State Park in Sauk County, Wisconsin, US

Mirror Lake State Park is a 2179 acre Wisconsin state park in the Wisconsin Dells region. The process of establishing the park began in 1962 and the park officially opened on August 19, 1966. It contains Mirror Lake, a narrow reservoir with steep sandstone sides up to 50 ft tall. The lake has a surface area of 137 acre and an average depth of 10 to 14 ft. Recessed out of the wind, the water of Mirror Lake is usually calm and often as glassy-smooth as a mirror, hence the name. Situated in a major tourist area, the state park has an extensive campground and other visitor amenities. Also located within the park is the Seth Peterson Cottage, a Frank Lloyd Wright-designed building available for public rental.
==Natural history==
The region is formed from Late Cambrian sandstone deposited 500 million years ago at the bottom of shallow inland seas. During the Wisconsin glaciation between 20,000 and 10,000 years ago a glacial lobe passed just east of the park. Dell Creek, a tributary of the Wisconsin River is believed to have been blocked by outwash sediments and diverted northeast. Over time it cut a deep, narrow ravine into the easily eroded sandstone. The steep cliffs indicate that this section of Dell Creek is much younger geologically than upstream, where the banks have eroded longer and are more gently sloping.

The lakeshore is covered in a pine–oak forest. Eastern white pines are dominant, with red pines clustered atop the sandstone cliffs along the water's edge.

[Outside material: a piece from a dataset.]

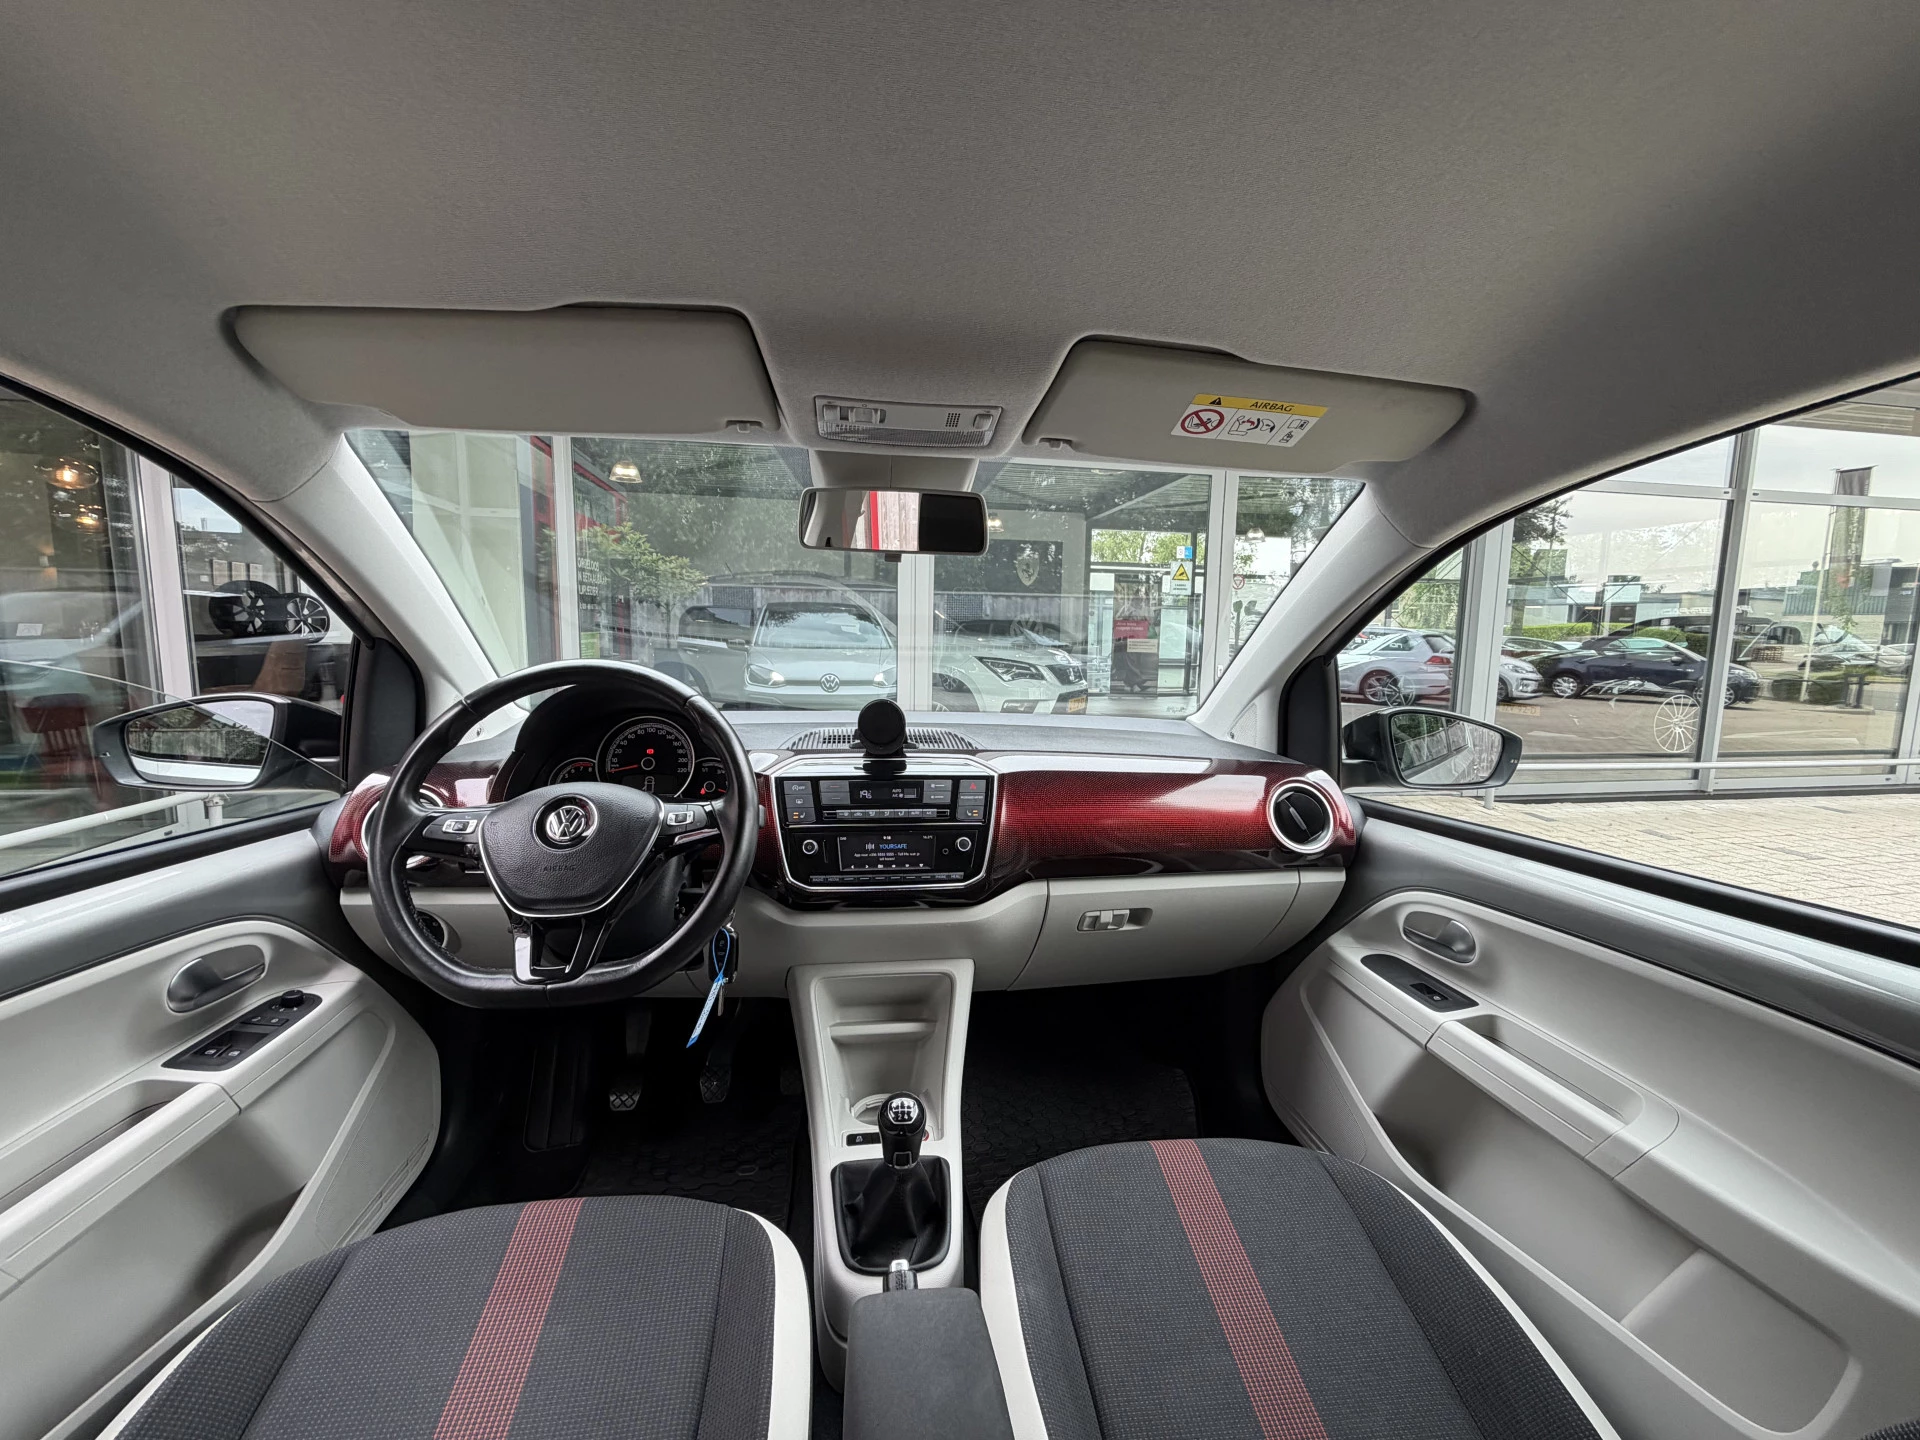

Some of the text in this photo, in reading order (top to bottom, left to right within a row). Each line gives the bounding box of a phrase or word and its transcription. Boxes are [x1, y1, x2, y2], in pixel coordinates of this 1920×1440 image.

[1249, 401, 1294, 412] AIRBAG
[577, 557, 600, 571] ORGELOOS
[543, 865, 576, 873] AIRBAG

The hardwoods are a mix of white, red, and black oaks.

==Cultural history==
Dell Creek was first dammed in 1860 to power a watermill owned by Horace LaBar, and early maps call the impoundment "LaBar's Pond". The mill, which produced chiefly flour, had a succession of owners until the Timme family acquired it in 1893. The original wooden dam was found to be in poor condition and was repaired and transferred to Sauk County and replaced with concrete in 1925. The Timme Mill became known for its self-rising pancake flour. The Timmes sold the mill in 1947, and new owners continued to produce pancake flour for another decade, but when the mill burned down in 1957, the owners declared bankruptcy.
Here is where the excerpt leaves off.